How would I analyze this? Could I make a KBr pellet, or would I just be able to analyze it in UV spec?
I assume that the solvents used to dissolve the compound, would be used as a blank, right?
I tried to dry off the solvent used to dissolve the compound and it wouldn't completely dry off, and this is why I think it was oiling out of solution. I was originally planning on trying extraction after drying off the compound. I had no choice but to try to go and re-dissolve the compound in a solvent (CH2Cl2). It looked like it dissolved, but I'm not sure since the pasteur pipette looked as if it had an oily residue after I pipetted the solution over to another container....
Not sure what to do now,
Thank you
2 answers
I have no idea what "oiling out of solution" means. Sure you can make a KBr pellet. AND you can run the sample on a UV. Can it be that part of the unknown dissolved in CH2Cl2 and the "oil part" was another compound? If I thought some had dissolved in CH2Cl2, I would attempt to recover the part that dissolved. That could be a pure component.
I dried a solution of solvent + unknown compound dissolved in it, and it would not fully evaporate off and leave a residue. What was left over no matter how much I heated the watchglass was stagnant droplets as if I was using dirty glass and I had poured a solution over it. (i.e. diry volumetric flask after pouring solution out, has stagnant droplets of water)
I'm not sure if the oily substance was another compound. Hopefully it is not. I ran a plate and it showed 1 strong spot and 1 weak weak spot and my prof. said that it looks like it is one compound. This is the reason I tried to evaporate off the solvent and see if I could just see one compound or 2 after using this to spot another plate, therefore elminating the chance that it is solvent interaction that is causing the second spot.
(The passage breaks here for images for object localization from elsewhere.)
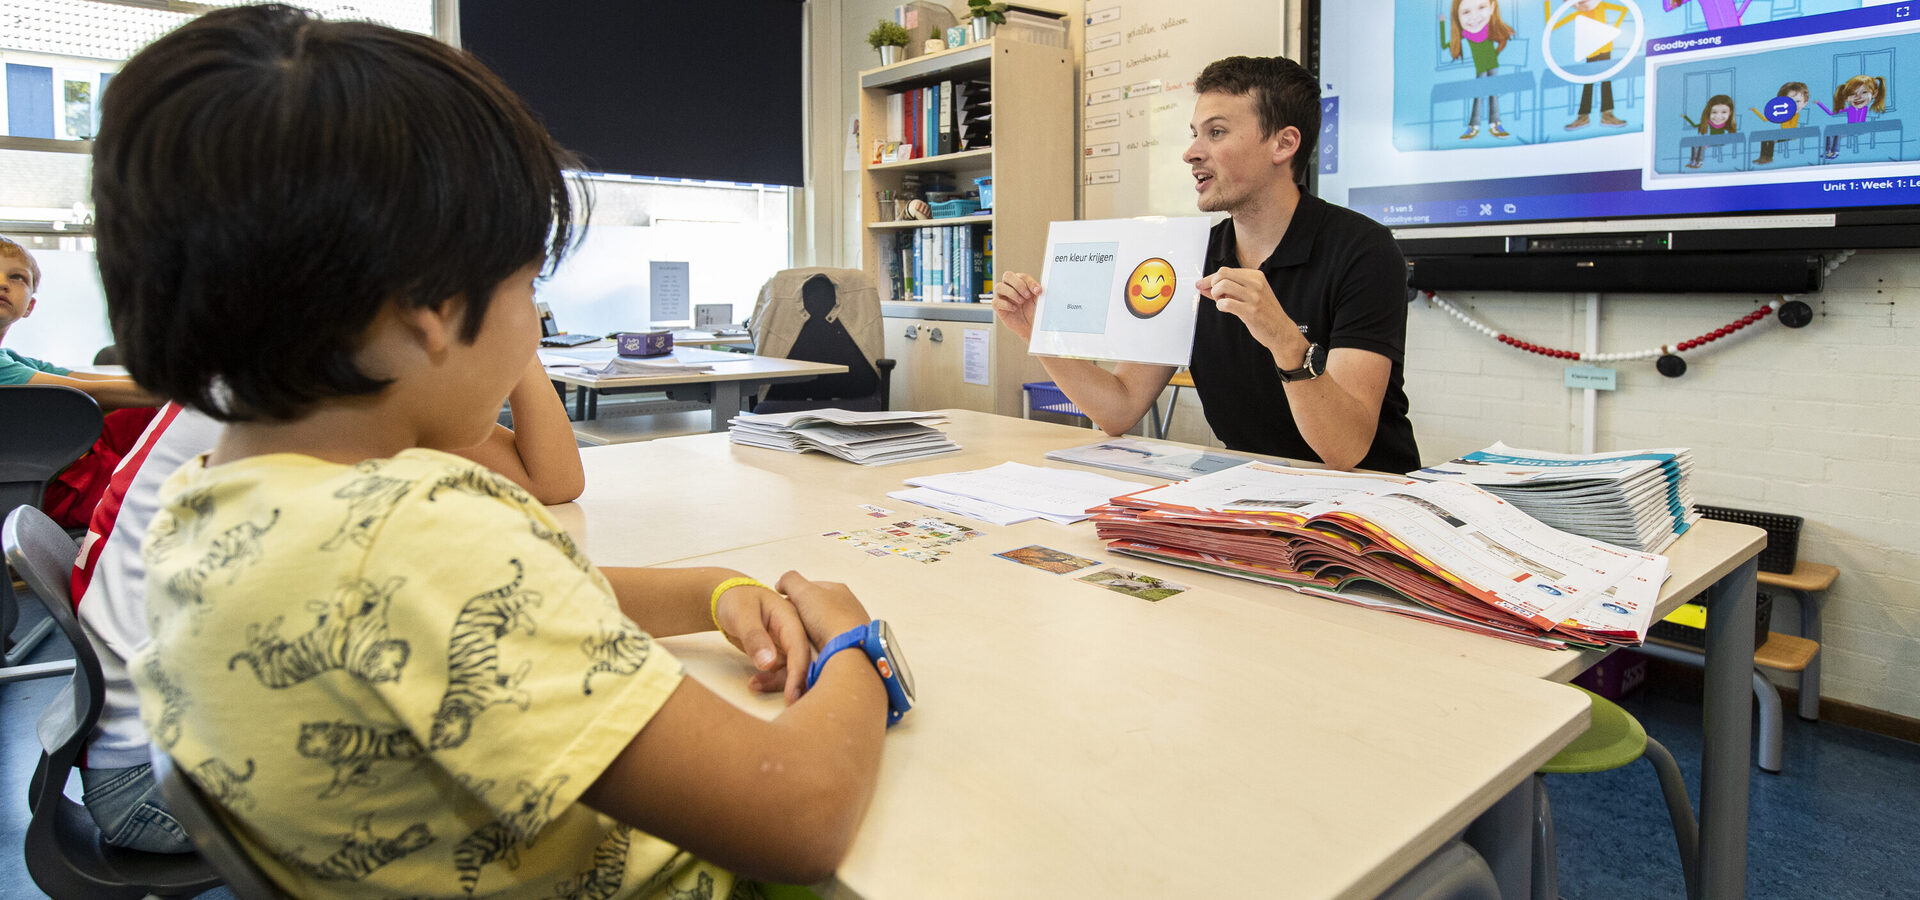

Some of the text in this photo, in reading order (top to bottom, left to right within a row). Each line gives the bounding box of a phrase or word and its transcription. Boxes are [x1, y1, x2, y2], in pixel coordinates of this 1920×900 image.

[1653, 36, 1722, 51] Goodbye-song
[1823, 183, 1846, 191] Unit
[1849, 182, 1859, 190] 1:
[1861, 180, 1893, 189] Week
[1896, 179, 1907, 188] 1:
[1069, 253, 1088, 262] kleur
[1088, 252, 1114, 263] krijgen
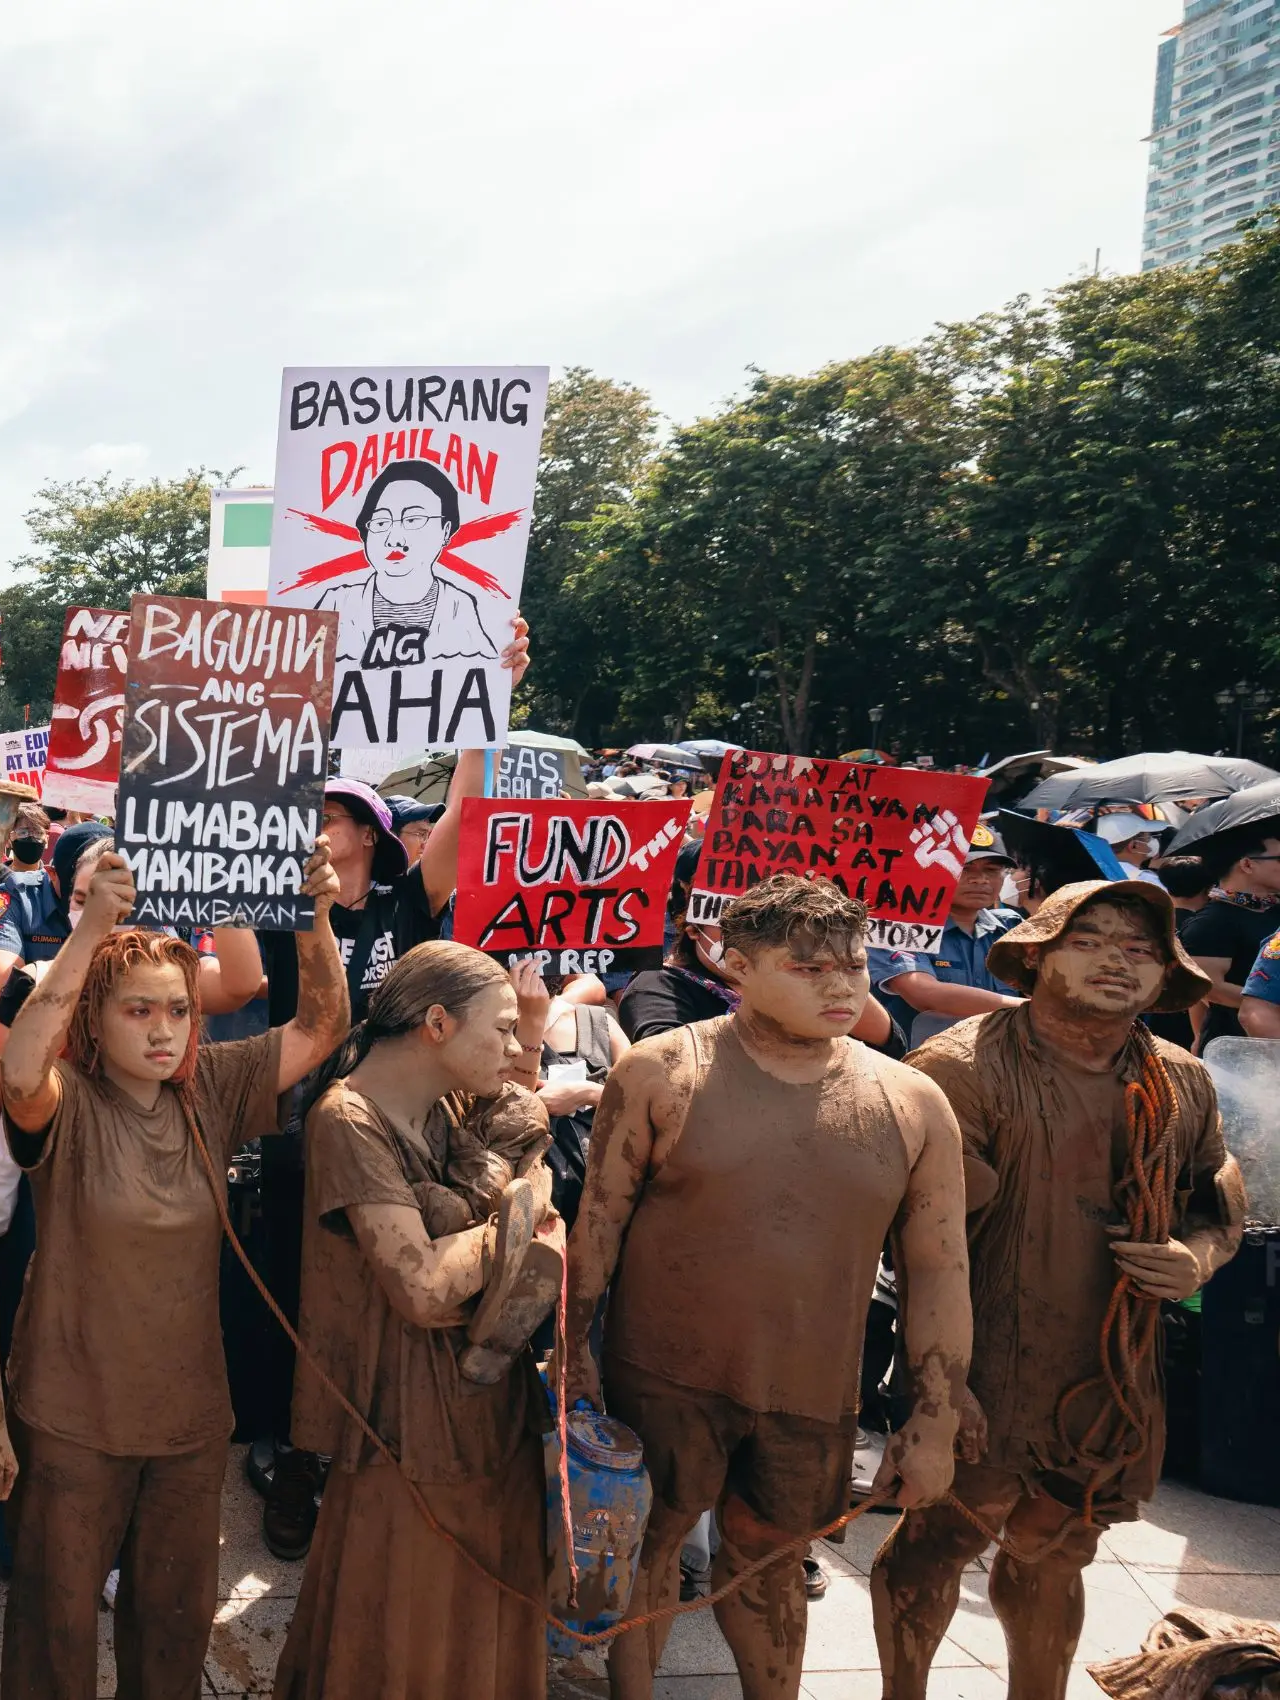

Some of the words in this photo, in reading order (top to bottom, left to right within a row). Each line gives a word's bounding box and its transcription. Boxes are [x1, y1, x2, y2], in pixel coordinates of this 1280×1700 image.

[290, 375, 532, 431] BASURANG
[321, 428, 498, 513] DAHILAN
[138, 605, 327, 682] BAGUHIN
[371, 630, 422, 666] NG
[330, 668, 497, 743] AHA
[6, 754, 23, 770] AT
[123, 698, 322, 790] SISTEMA
[721, 781, 940, 824] KAMATAYAN
[839, 767, 877, 791] AT
[124, 796, 318, 853] LUMABAN
[483, 811, 632, 888] FUND
[628, 817, 682, 872] THE
[712, 830, 840, 867] BAYAN
[851, 848, 903, 874] AT
[722, 808, 817, 838] PARA
[830, 817, 874, 845] SA
[477, 888, 650, 947] ARTS
[560, 950, 615, 975] REP
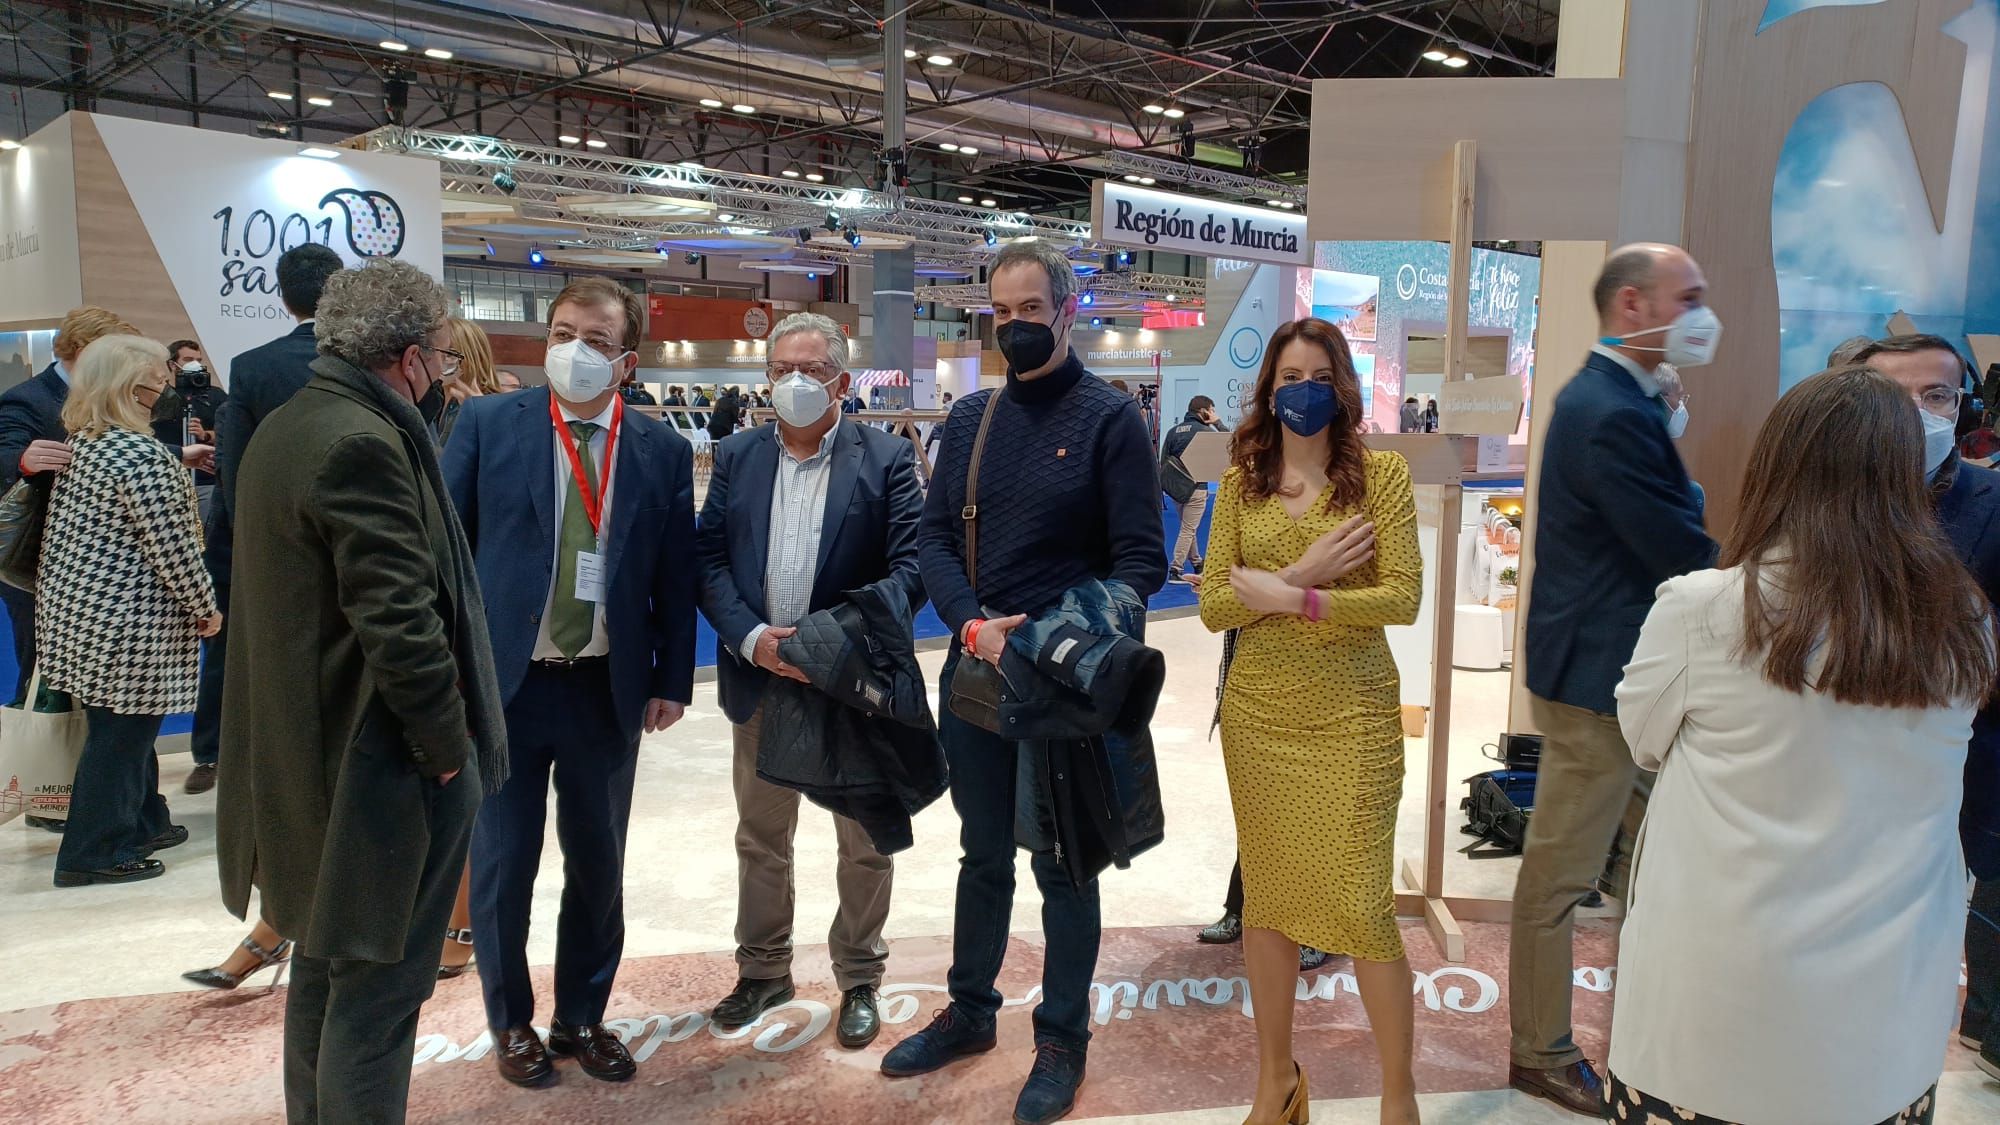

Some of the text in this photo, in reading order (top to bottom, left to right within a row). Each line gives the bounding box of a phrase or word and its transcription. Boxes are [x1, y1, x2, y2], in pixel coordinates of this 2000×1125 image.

[1115, 199, 1298, 253] Región de Murcia
[1420, 266, 1447, 287] Costa
[1489, 282, 1519, 318] feliz
[220, 303, 290, 320] REGIÓN
[42, 784, 73, 794] MEJOR
I will try to analyze the CH2Cl2 with the unknown in it and see what happens.
Thank you Dr.Bob
I'm not sure if the oily substance was another compound. Hopefully it is not. I ran a plate and it showed 1 strong spot and 1 weak weak spot and my prof. said that it looks like it is one compound. This is the reason I tried to evaporate off the solvent and see if I could just see one compound or 2 after using this to spot another plate, therefore elminating the chance that it is solvent interaction that is causing the second spot.
I will try to analyze the CH2Cl2 with the unknown in it and see what happens.